There is so much about the Aboriginal way of life and history that many Filipino migrants in Australia don't know. Deborah Ruiz Wall's writings and poems, such as the one featured below, sheds some light into this glorious culture.

A taken-for-granted knowledge by old Indigenous people in Broome is reading country from the relationship between marine and terrestrial species akin to what James C. Scott (1998: 311; de Certeau, 1984) calls metis or practical knowledge based on local experience as opposed to techne or general abstract knowledge that is often imposed from the top or deployed by the State. Here’s an example of metis that I have noted from one of my interviews:

If (people) want to know when certain fishes are in season and then right to eat, [t]he season time is when certain flowers bloom like the yellow wattle and the fishes being fat in season…each plant and each flower will tell you about when certain animals will be in season, so it’s hunting season…

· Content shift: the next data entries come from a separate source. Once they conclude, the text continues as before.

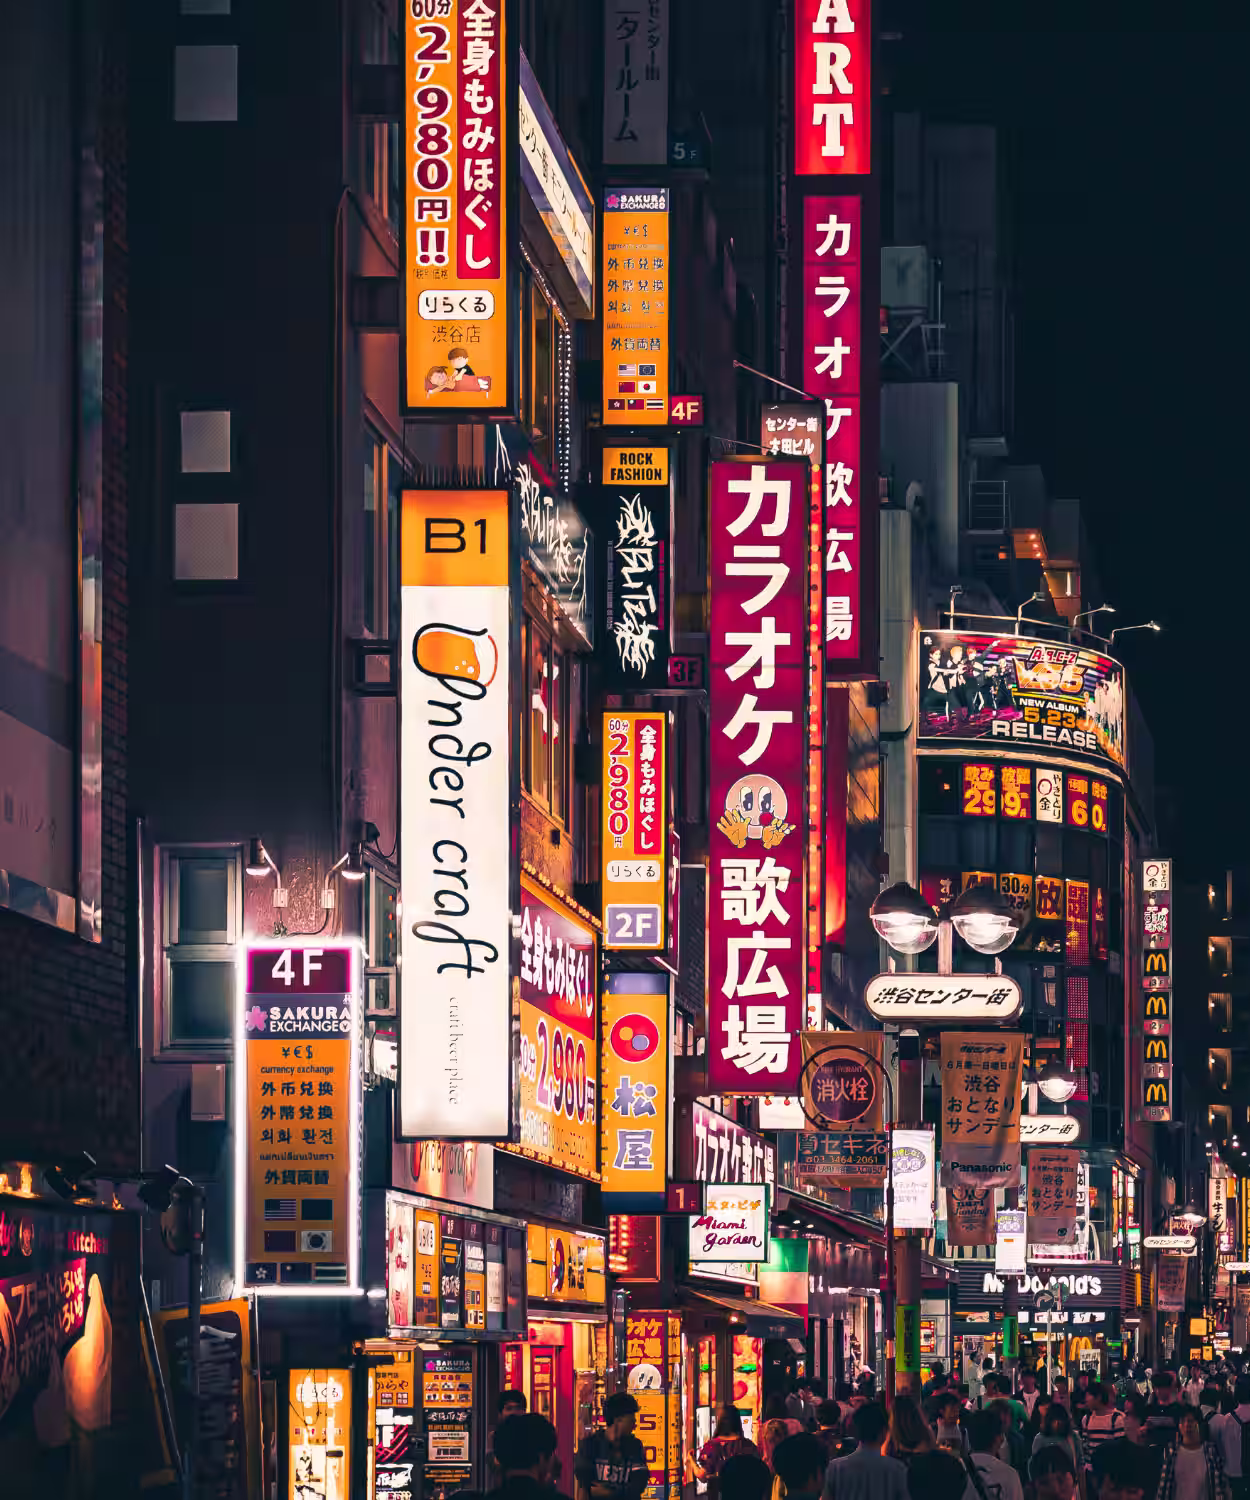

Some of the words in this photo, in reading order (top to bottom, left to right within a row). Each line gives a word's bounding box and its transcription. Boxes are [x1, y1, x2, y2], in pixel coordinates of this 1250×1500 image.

[425, 296, 488, 314] りらくる
[671, 402, 699, 421] 4F
[619, 452, 653, 466] ROCK
[610, 467, 662, 481] FASHION
[424, 517, 488, 554] B1
[673, 661, 697, 682] 3F
[1019, 697, 1045, 710] NEW
[1045, 701, 1080, 714] ALBUM
[1023, 707, 1076, 729] 5.23
[991, 720, 1097, 750] RELEASE
[639, 724, 657, 849] 全身もみほぐし
[611, 864, 657, 879] りらくる
[615, 912, 653, 937] 2F
[271, 949, 324, 987] 4F
[519, 905, 594, 1018] 全身もみほぐし
[873, 987, 1013, 1006] 渋谷センター街
[269, 1006, 352, 1020] SAKURA
[269, 1020, 340, 1033] EXCHANGE
[260, 1065, 295, 1076] currency
[297, 1064, 335, 1076] exchange
[816, 1077, 869, 1102] 消火栓
[963, 1075, 1001, 1092] 渋谷
[946, 1096, 1016, 1114] おとなり
[610, 1076, 658, 1171] 松屋
[946, 1118, 1017, 1136] サンデー
[950, 1161, 1013, 1173] Panasonic
[691, 1215, 748, 1231] Miami
[983, 1272, 1103, 1296] MDonald's

In contrast, the Western concept of ‘paradise’, another one said, is a country:

that’s left alone and there’s no people in… it’s pristine, and there’s no footsteps on the beach, but here people would be really scared of that sort of a place because there hasn’t been any relationship between the local people and the country to keep it safe and quiet…no one to be able to tell you what’s edible and what’s not.

Indigenous people who are still connected to their traditional culture look upon country as ‘sentient’ — where a reciprocal relationship exists. In Broome, seasons are divided into six, not four. In the traditional way, Indigenous people believe that every living thing has a season, and a ‘good’ and ‘bad’ about it. People have to know the difference. I asked, ‘what does looking after country mean?’  ‘… sing to the place … to keep it alive or to stay in a relationship with it … burn it regularly, seasonally … keep the waterholes dug.’

Scott (1998: 340) cites Pascal who wrote that the great failure of rationalism is ‘not its recognition of technical knowledge (techne) but its failure to recognize any other.’ (insertion supplied).

When I read today’s paper SMH (25 March 2011) that Aboriginal artist, Yannima Tommy Watson of the Papunya Tula, Western Desert Art Movement apparently refuses to use sacred Indigenous symbols in his art because it was wrong to reveal them to outsiders or something bad would happen to them, the story struck a chord. Part of my research deals with how Indigenous people prove that they are the traditional owners in native title claim cases. In a typical adversarial Western court practice, I was told that the elders experience scrutinizing aggressive questioning and feel that they are treated as ‘guilty until proven innocent’. What is problematic is that many of the answers that are sought are ‘Law knowledge’ and that is not for the public domain. They feel that they are expected to divulge secret knowledge in order to prove they know it. If they reveal ‘Law knowledge’, their traditional belief is that the country will lash back at them. These old people are in a very hard position, according to my interviewee, ‘whether, in order to hang on to their country and prove that it’s theirs, they have to break their own Law.’

Sometime after my Lurujarri trail walk, I met a Ngumbarl woman who is the traditional owner of Walmadan. She took me back there to show her country from a woman’s perspective. Shortly after, I wrote a poem about my experience of that trip:

Back to Walmadan


Nature’s sculptured rocks
were much more welcoming this time around
We of diverse colours and cultures
were reclaiming woman’s space.
Time given freely; time received graciously
like a gift of timeless time.
Time now for Mujal’s successor,
to read Ngumbarl country for us.
She pointed at the black volcanic remnants of ages past,
now mixed in with reddish sand,
time she said when the egg exploded
into transcendental spiritual birth
of WOMAN, mother earth nurturing sons and daughters
and her sea and terrestrial children.

Early on, two male photographers emerged from the bush
where they camped, to show the world through imagery
what a remarkable piece of sea shore Walmadan is,
hoping to safeguard it from energy hungry vultures.
The traditional owner welcomed them,
her feet planted like flag sticks concretely set on ground
as she spoke for country.

She later entered one cave’s sacred space
and talked to Ancestral Mother.
She said Walmadan is her Cathedral.
She pointed at the huge turtle tracks and the spot
where Turtle laid her eggs, before her tracks turned
around back to the sea.

Oh the sea, where I lay floating on a bed of sea waves
gently rolling, rocking me from side to side,
embracing a devoted sojourner child
who feels adopted by the storied turquoise ocean and
red pindan landscape of crisscrossing eternal songlines.
What comfort I find to escape the sun
and the fiery sand, have a quiet dip,
deep into the culture of Walmadan.

Endnotes

de Certeau, M. 1984. The Practice of Everyday Life. (Arts de faire: Le pratique du quotidiean), trans. Steven Rendall. Berkeley, University of California Press.

Scott’, J. C. 1998. Seeing like a State, London: Yale University Press.

—. 1990. Domination and the Arts of Resistance: Hidden Transcripts, London: Yale University Press.

This article, titled 'Indigenous knowledge and ‘hidden discourse’ in the public domain', was sourced from the Centre for Cultural Research.